• _The data_
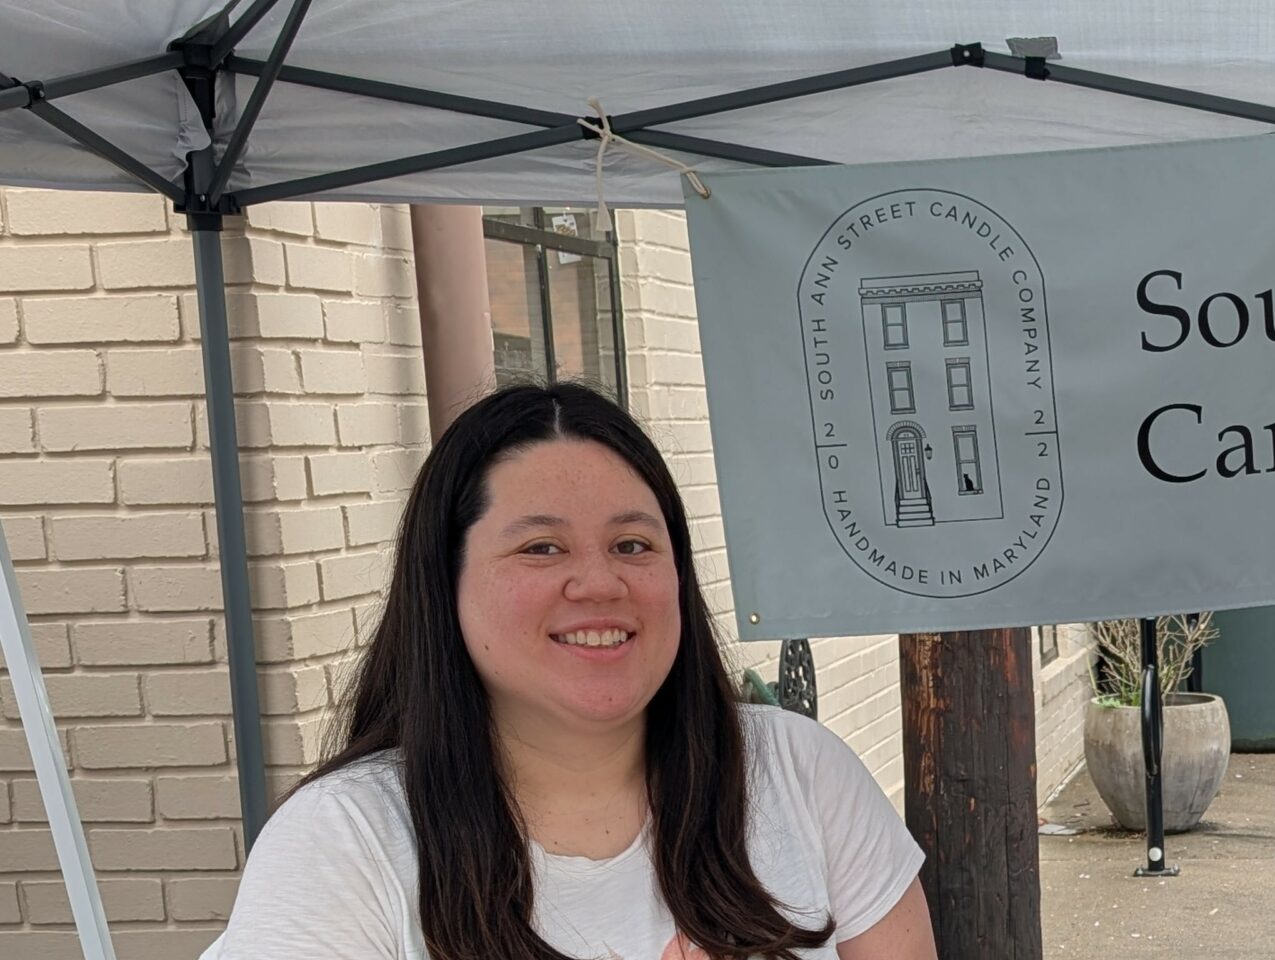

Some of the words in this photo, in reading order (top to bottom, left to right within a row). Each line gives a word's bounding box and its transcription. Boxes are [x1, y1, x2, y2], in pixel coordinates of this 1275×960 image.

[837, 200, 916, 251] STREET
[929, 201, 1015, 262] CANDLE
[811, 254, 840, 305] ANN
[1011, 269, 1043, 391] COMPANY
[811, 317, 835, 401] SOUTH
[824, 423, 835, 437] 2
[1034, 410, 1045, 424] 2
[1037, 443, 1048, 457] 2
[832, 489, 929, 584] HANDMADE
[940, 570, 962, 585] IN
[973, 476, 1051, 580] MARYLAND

• _Directions for this task_
For this exercise, restate the material exactly and skip every picture.

• _Answer to the exercise_
Some of the words in this photo, in reading order (top to bottom, left to right within a row). Each line gives a word's bounding box and its transcription. Boxes are [x1, y1, x2, y2], in pixel coordinates of this 1275×960 image.

[837, 200, 916, 251] STREET
[929, 201, 1015, 262] CANDLE
[811, 254, 840, 305] ANN
[1011, 269, 1043, 391] COMPANY
[811, 317, 835, 401] SOUTH
[824, 423, 835, 437] 2
[1034, 410, 1045, 424] 2
[1037, 443, 1048, 457] 2
[832, 489, 929, 584] HANDMADE
[940, 570, 962, 585] IN
[973, 476, 1051, 580] MARYLAND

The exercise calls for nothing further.